The death toll will "definitely go up", said Craig, of the Vanuatu business council.
However the country and its people depended on tourism and agriculture, he warned.
- 'People need to come back' -
"We can't have an economic disaster on top of a natural disaster," Craig said, urging a quick restart of the tourism business.
"The runway is in great condition and it has been a huge focus for the government to get that terminal open by tonight or latest tomorrow for commercial flights," he said.
"People need to come and go, it brings normality back."

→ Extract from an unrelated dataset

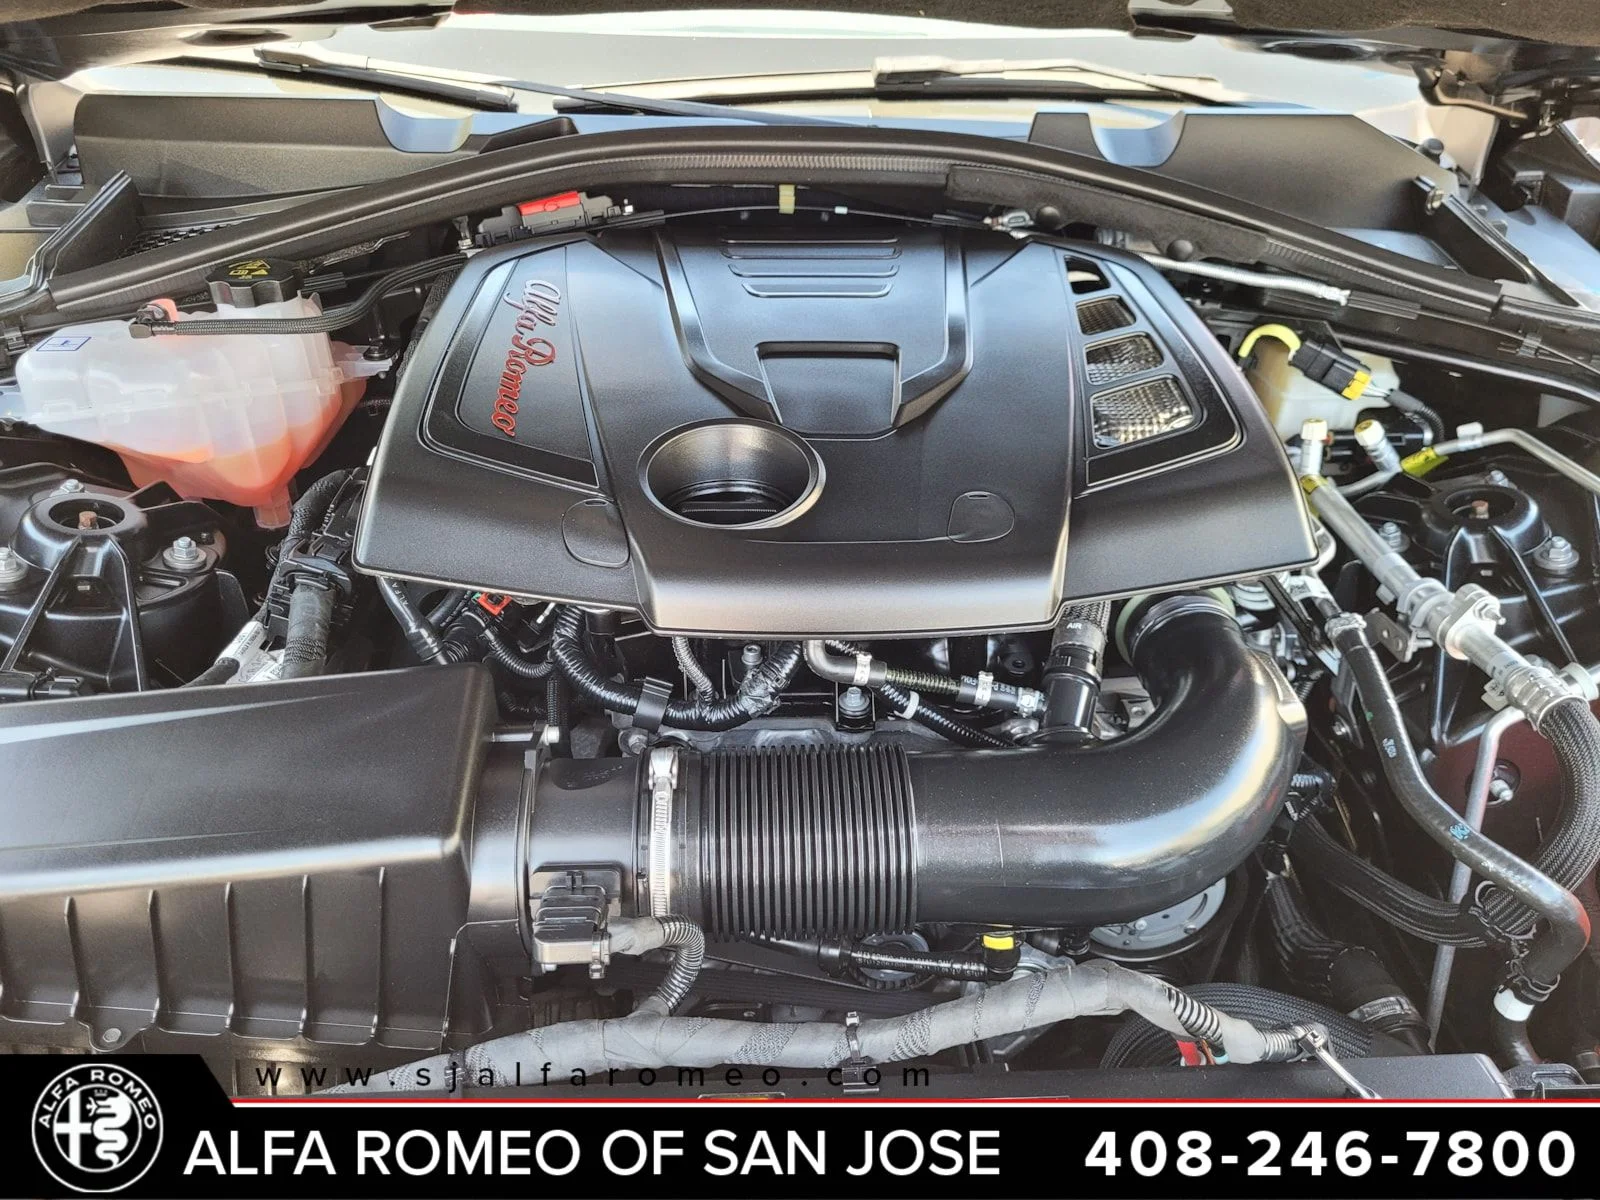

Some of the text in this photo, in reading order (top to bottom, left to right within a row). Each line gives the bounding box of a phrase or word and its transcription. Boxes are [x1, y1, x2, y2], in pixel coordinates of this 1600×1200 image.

[491, 279, 561, 437] Alfa Romeo
[1066, 622, 1083, 630] AIR
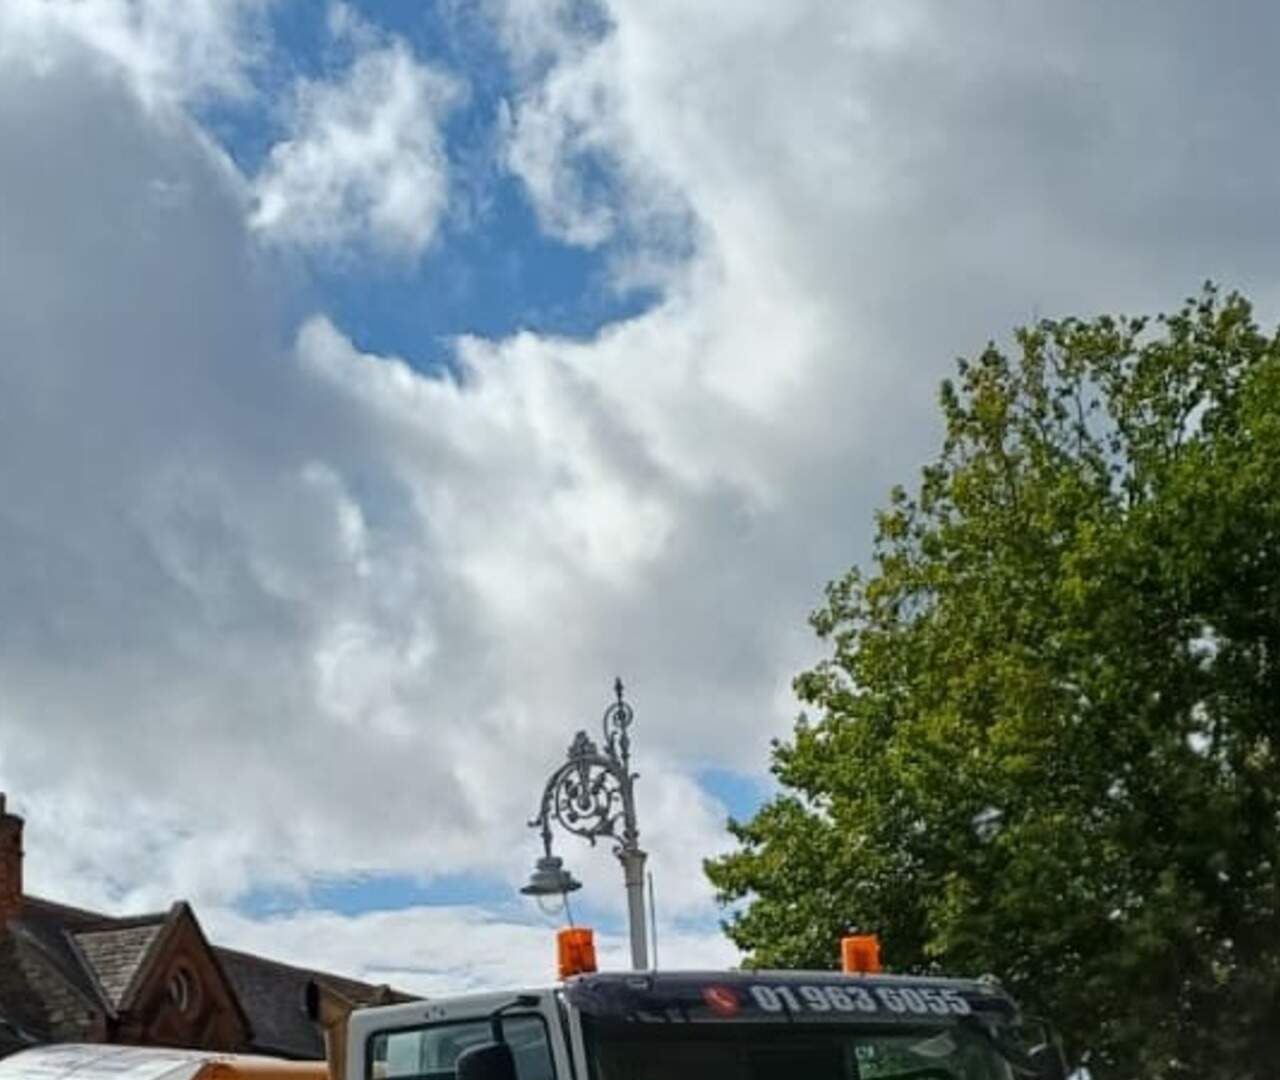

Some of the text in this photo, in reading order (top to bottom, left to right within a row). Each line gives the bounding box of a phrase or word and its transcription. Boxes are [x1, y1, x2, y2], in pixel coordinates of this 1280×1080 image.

Craig said he had visited four resorts, which were using generators for electricity and hoping for tourists to return next week.
"Generally, they are okay, there are some cracks and some tiles have popped out, but there is not bad damage."
Basil Leodoro, an emergency doctor in Vanuatu with Respond Global, said landslides blocked airfields on some surrounding islands, raising concerns about food supplies.
Water supplies, including wells and storage systems, were damaged on some islands, he told AFP.
Earthquake injuries were only being reported on the main island of Vanuatu, however.
"As expected, we are seeing open fractures, wounds and closed fractures, soft tissue injury as a result of the earthquake," Leodoro said.
He said he was helping to organise medical support from Fiji and Solomon Islands to relieve exhausted teams in Vanuatu.
"That is the burden we are seeing -- it is not unexpected in these crisis situations."